Stored entries

____

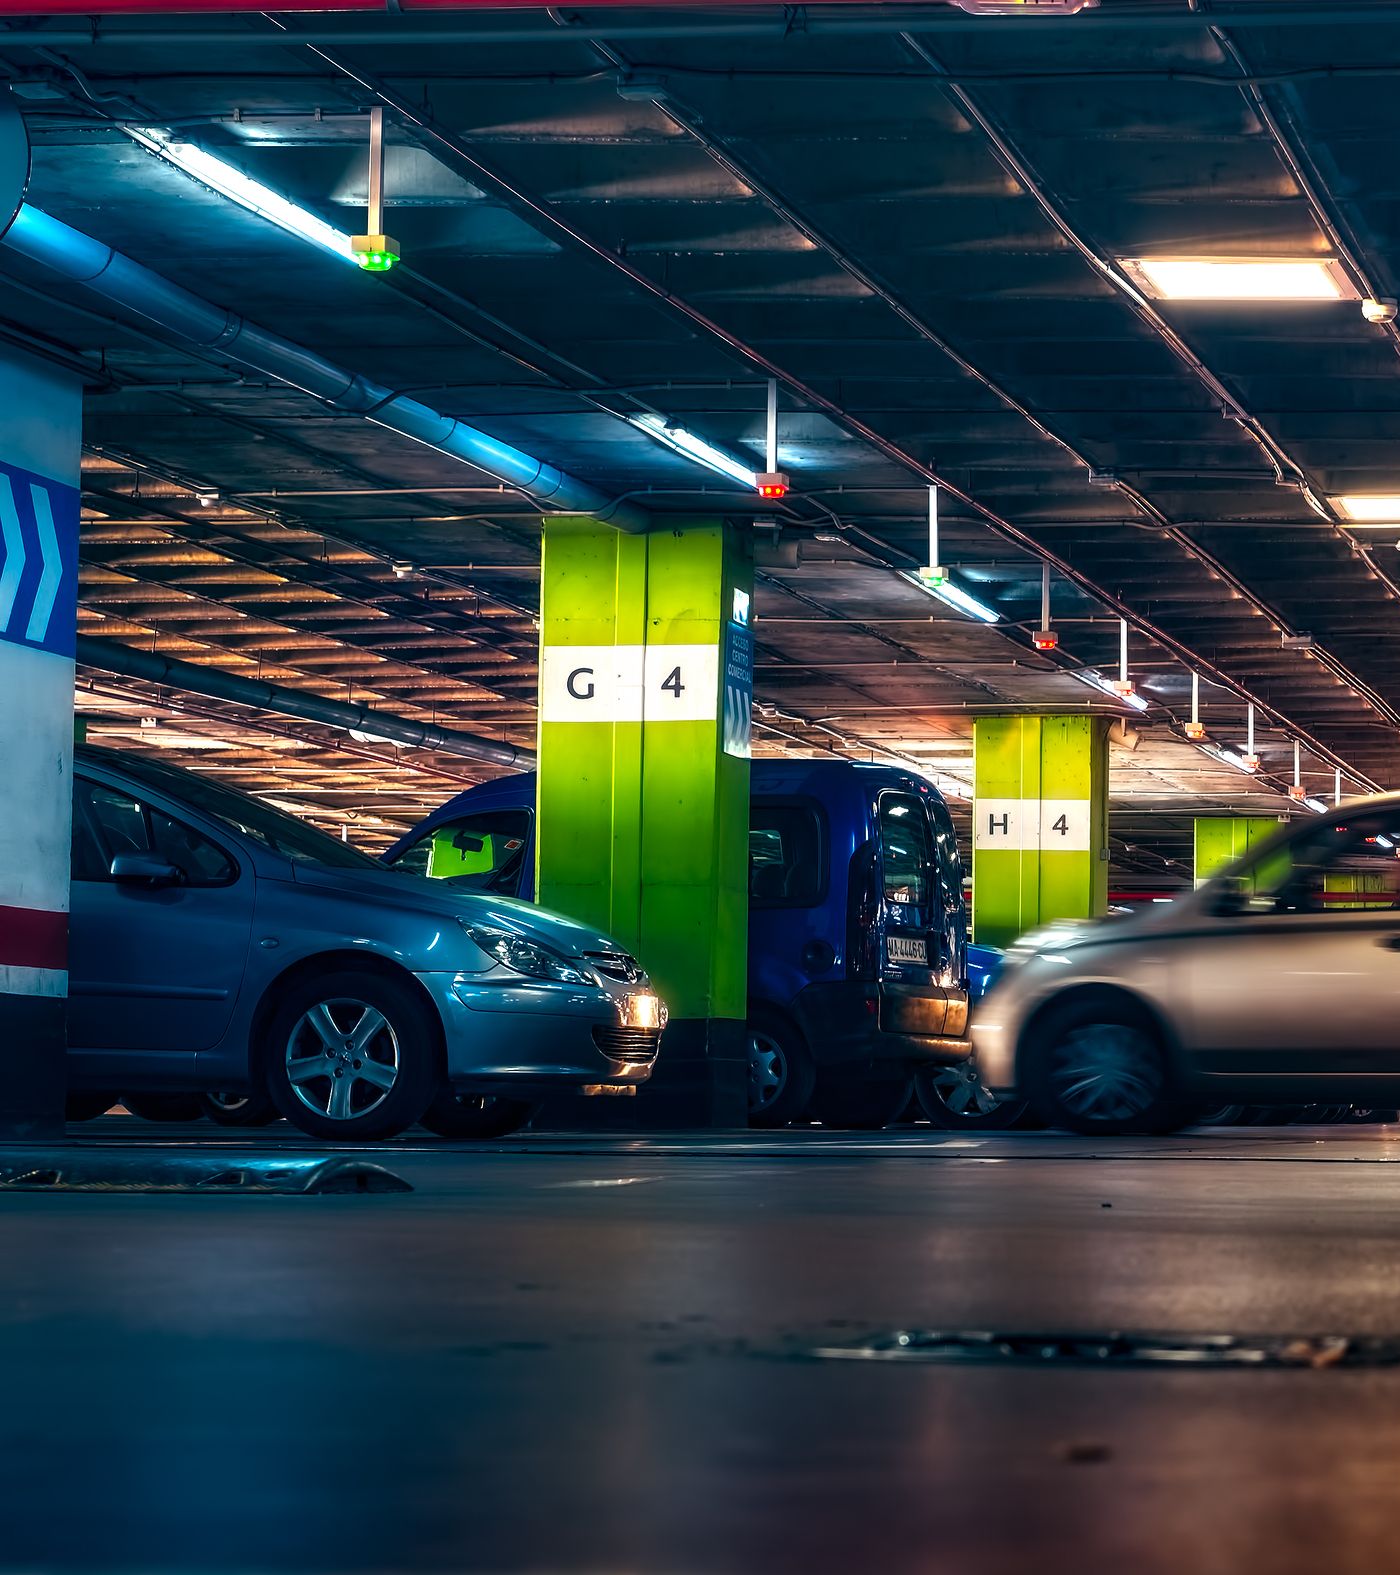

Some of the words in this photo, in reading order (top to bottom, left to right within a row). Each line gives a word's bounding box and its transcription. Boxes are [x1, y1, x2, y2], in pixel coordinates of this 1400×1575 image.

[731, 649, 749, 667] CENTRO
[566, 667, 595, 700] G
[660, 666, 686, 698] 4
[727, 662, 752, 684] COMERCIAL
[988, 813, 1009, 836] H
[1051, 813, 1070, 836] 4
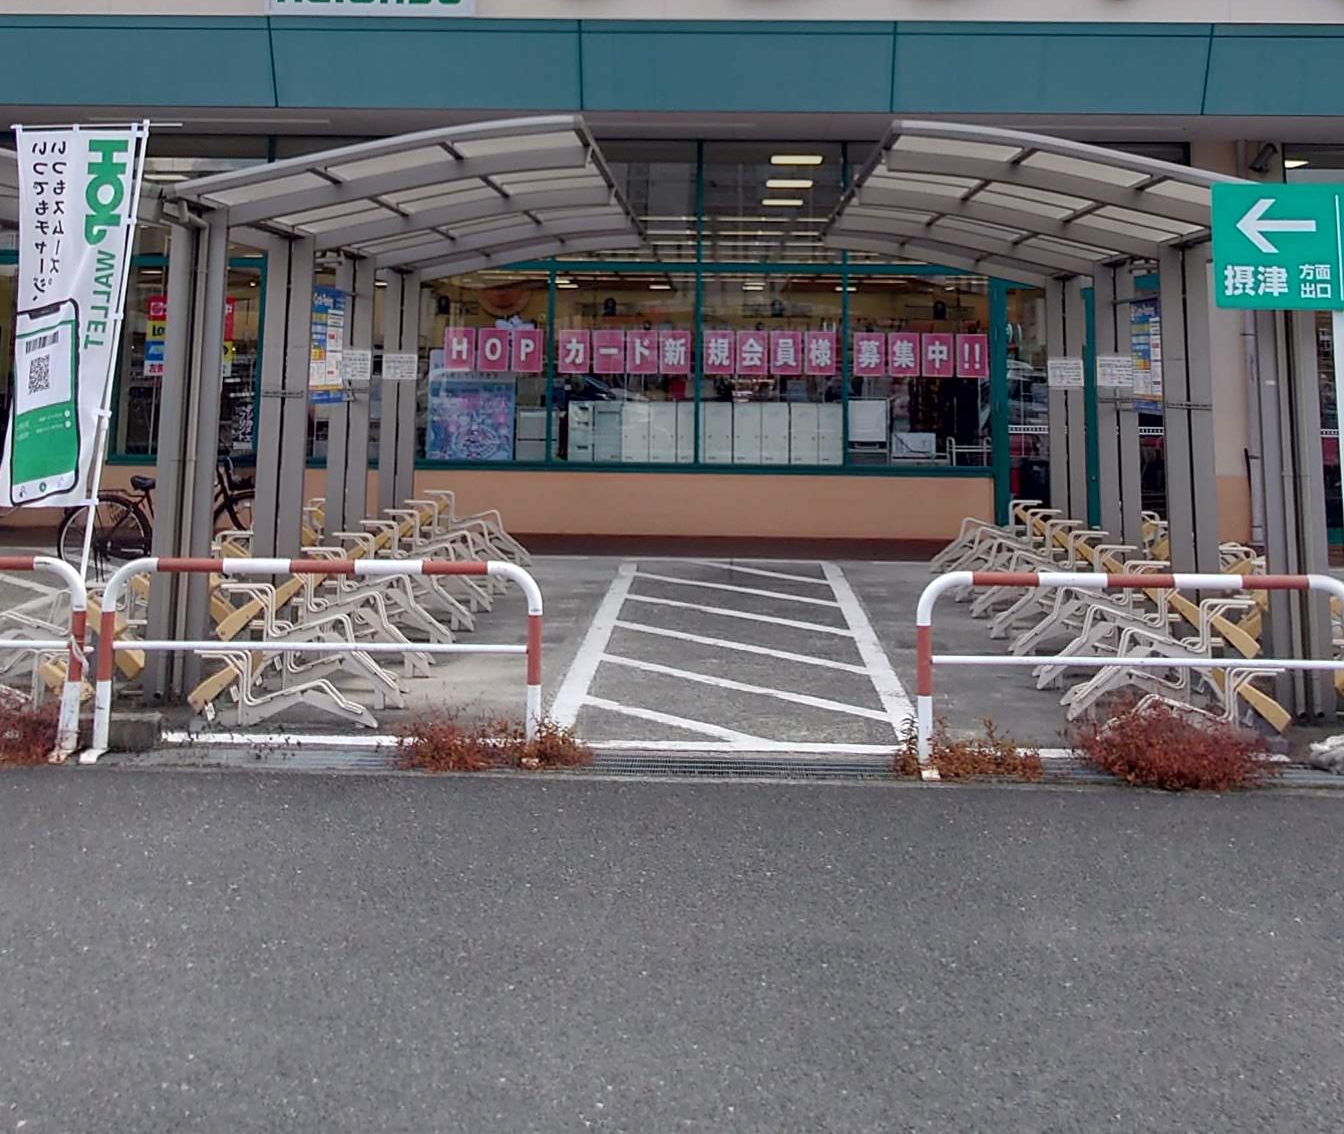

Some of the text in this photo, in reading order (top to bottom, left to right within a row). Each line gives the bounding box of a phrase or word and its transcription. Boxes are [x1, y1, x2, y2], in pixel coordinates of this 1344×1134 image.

____

Each entry is to be returned as it stands, and each picture is to be left out.

Some of the words in this photo, in reading order (top to bottom, left to right within a row). Each line gives a word's bounding box and its transcription. Boxes are [x1, y1, x2, y2], in pixel coordinates of this 1400×1575 image.

[731, 649, 749, 667] CENTRO
[566, 667, 595, 700] G
[660, 666, 686, 698] 4
[727, 662, 752, 684] COMERCIAL
[988, 813, 1009, 836] H
[1051, 813, 1070, 836] 4

Some of the text in this photo, in reading order (top to bottom, left to right within a row). Each line gives the bounding box of a phrase or word and its transcription. Boxes are [x1, y1, x2, y2], in pixel coordinates of this 1344×1134 image.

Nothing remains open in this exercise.